Los once pasos

lunes, 5 de octubre de 2015
El ímpetu no determina la victoria pero sí enaltece la derrota

Ahí está, de pie, a once pasos de la portería. En la raya, espera tranquilo el cancerbero, espera con la serenidad que da el haber ganado muchas batallas, su mirada muestra respeto pero no se inquieta, reconoce a su rival, un joven valeroso, que sin aspaviento alguno toma el balón, con la gallardía con la que debe conducirse hacia el gol.

Descansa el balón sobre el manchón de aquel hermoso campo de futbol, la gente entusiasmada grita, brinca, alienta al cobrador, el muchacho está decidido, todo el estadio se ha dado cuenta de eso, voltea a la banca, ve al entrenador, su mirada le recarga de fuerza.

Todo mundo ve al entrenador en su papel, el más hermoso de los hipócritas; muere de miedo, pero le transmite confianza. La euforia gana terreno, los compañeros de equipo se toman las manos, sudorosas, temblorosas, pero no pierden vigor; el ambiente crece, el estadio enloquece. Los rivales yacen cansados, derrotados, han puesto su última esperanza en el mejor del equipo:  su portero; aquel tipo de la mirada dura que te violenta, pero te descansa; solamente él es capaz de salvar a su equipo.
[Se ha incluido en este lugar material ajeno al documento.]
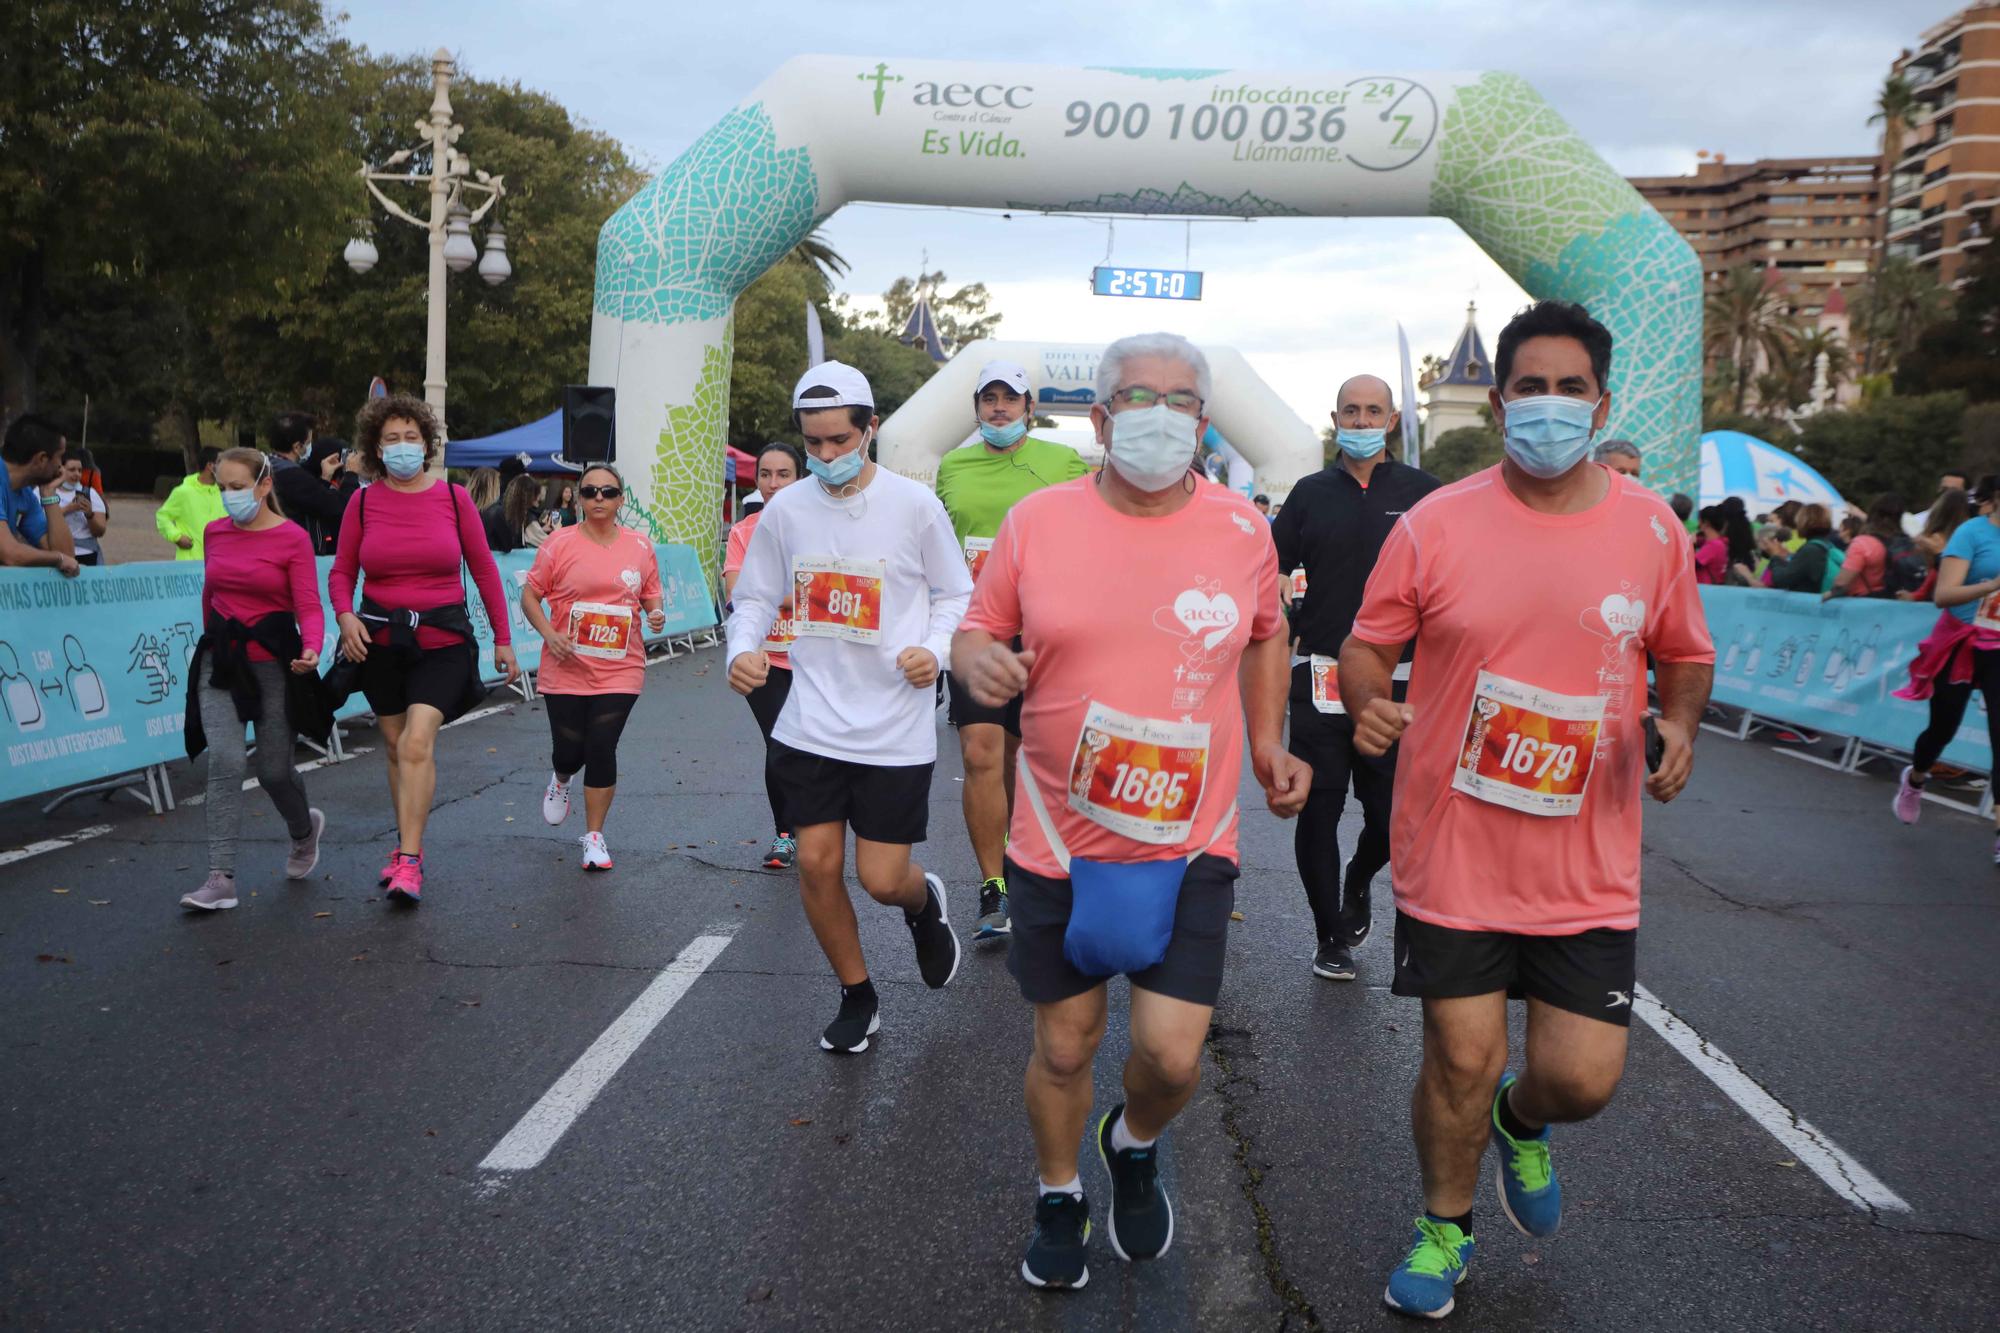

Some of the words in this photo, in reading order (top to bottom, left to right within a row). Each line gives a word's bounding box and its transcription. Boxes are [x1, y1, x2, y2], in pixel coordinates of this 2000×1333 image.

El muchacho se perfila, cierra los ojos esperando el silbatazo del árbitro, respira hondo, exhala y  lanza todo su espíritu, corre firme hacia el balón, es la carrera más importante de su vida. Segundos después de haber pateado terminará el partido, el resultado por ahora es incierto, el chico no se detiene, cada pisada estremece el césped, una tras otra, la gente a la expectativa se estruja entre las entrañas, el chico patea, es un perfecto disparo, fuerte, raso y colocado como decían los dioses de aquel rectángulo, el balón avanza brutalmente hacia la portería, el estadio apunto de expulsar todas sus frustraciones en una sola palabra, solo un suspiro, era imposible que aquel disparo no entrará, no había explicación, el chico atónito vio la perfecta figura del portero estirarse, la postal era espectacular.

Portero y cobrador intercambian miradas, asienten las cabezas, tienen un lenguaje secreto para reconocerse uno al otro la perfección de lo que acaban de hacer, termina el partido. Arquero y pateador estrechan las manos, no es un saludo, es un apretón fraternal, es el código para hacer las paces. El chico camina hacia la banca, decaído pero con la cabeza en alto, la afición se le entrega, corea su nombre y rescatan sus penas haciéndolas suyas.

El entrenador lo abraza y lo protege con las siguientes palabras:” Habrá más penales por cobrar hijo, no te preocupes, es tan solo un partido de fútbol”. A la distancia el arquero le rinde tributo con una dulce sonrisa, de aquellas que te descansan.
El estadio luce imponente, en paz, sin luz, sin gente.

A tu memoria pequeño cobrador de penales.